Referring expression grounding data
# # # # # # #

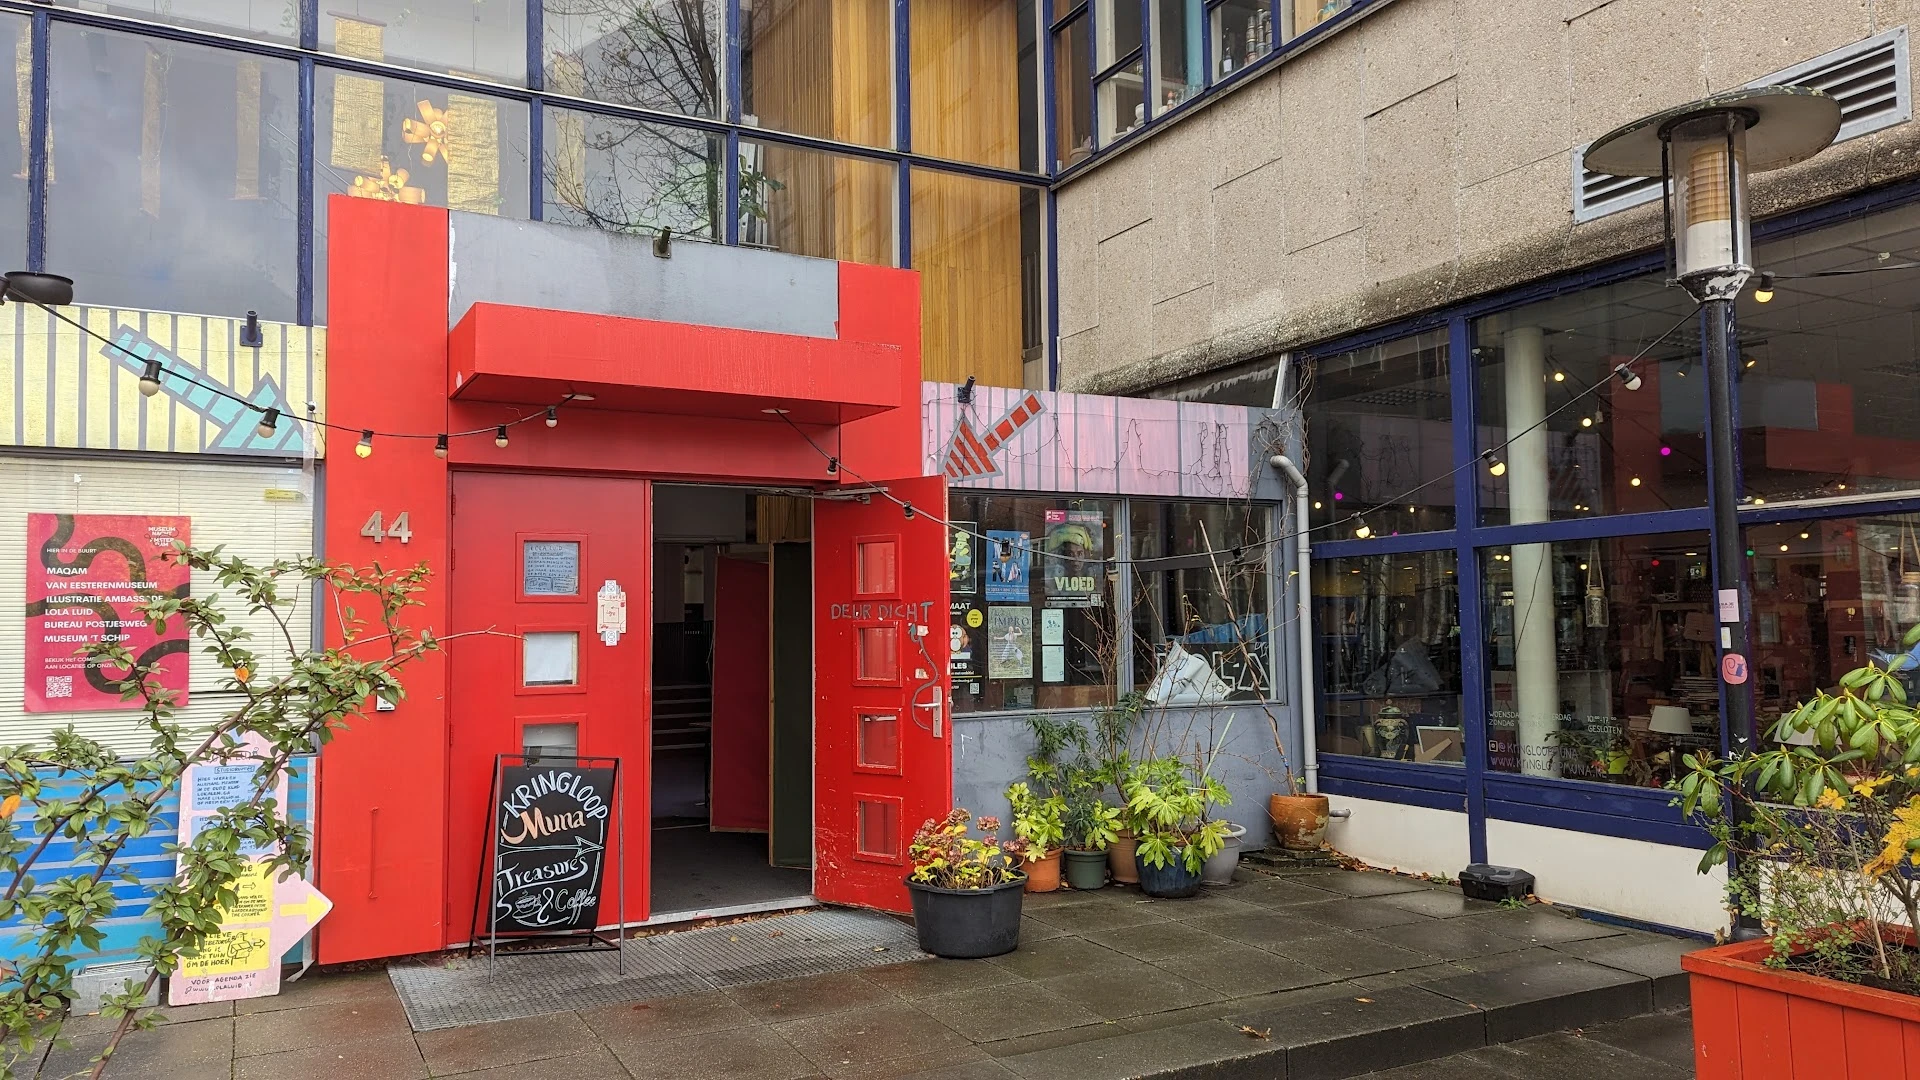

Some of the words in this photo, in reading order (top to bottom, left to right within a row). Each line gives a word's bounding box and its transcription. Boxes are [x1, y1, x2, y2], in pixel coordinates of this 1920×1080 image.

[360, 511, 413, 544] 44
[46, 567, 88, 576] MAQAM
[46, 582, 67, 590] VAN
[70, 582, 158, 590] EESTERENMUSEUM
[1054, 576, 1095, 591] VLOED
[46, 595, 102, 603] ILLUSTRATIE
[44, 608, 69, 616] LOLA
[72, 608, 94, 616] LUID
[830, 603, 872, 620] DEUR
[878, 601, 935, 623] DICHT
[44, 621, 83, 629] BUREAU
[86, 620, 148, 628] POSTJESWEG
[994, 616, 1030, 627] IMPRO
[44, 635, 88, 643] MUSEUM
[101, 634, 131, 642] SCHIP
[1488, 719, 1515, 727] ZONDAG
[1588, 724, 1622, 735] GESLOTEN
[502, 770, 609, 820] KRINGLOOP
[500, 806, 587, 845] Muna
[496, 855, 590, 890] Treasures
[554, 887, 597, 926] Coffee
[186, 960, 198, 968] OM
[210, 958, 230, 966] HOEK
[214, 975, 243, 983] AGENDA

# # # # # # #

*EXERCISE GOAL*.
Leave out the pictures and transcribe the entries above exactly.

*OUTPUT OF THE TASK*.
Some of the words in this photo, in reading order (top to bottom, left to right within a row). Each line gives a word's bounding box and its transcription. Boxes are [x1, y1, x2, y2], in pixel coordinates of this 1920×1080 image.

[360, 511, 413, 544] 44
[46, 567, 88, 576] MAQAM
[46, 582, 67, 590] VAN
[70, 582, 158, 590] EESTERENMUSEUM
[1054, 576, 1095, 591] VLOED
[46, 595, 102, 603] ILLUSTRATIE
[44, 608, 69, 616] LOLA
[72, 608, 94, 616] LUID
[830, 603, 872, 620] DEUR
[878, 601, 935, 623] DICHT
[44, 621, 83, 629] BUREAU
[86, 620, 148, 628] POSTJESWEG
[994, 616, 1030, 627] IMPRO
[44, 635, 88, 643] MUSEUM
[101, 634, 131, 642] SCHIP
[1488, 719, 1515, 727] ZONDAG
[1588, 724, 1622, 735] GESLOTEN
[502, 770, 609, 820] KRINGLOOP
[500, 806, 587, 845] Muna
[496, 855, 590, 890] Treasures
[554, 887, 597, 926] Coffee
[186, 960, 198, 968] OM
[210, 958, 230, 966] HOEK
[214, 975, 243, 983] AGENDA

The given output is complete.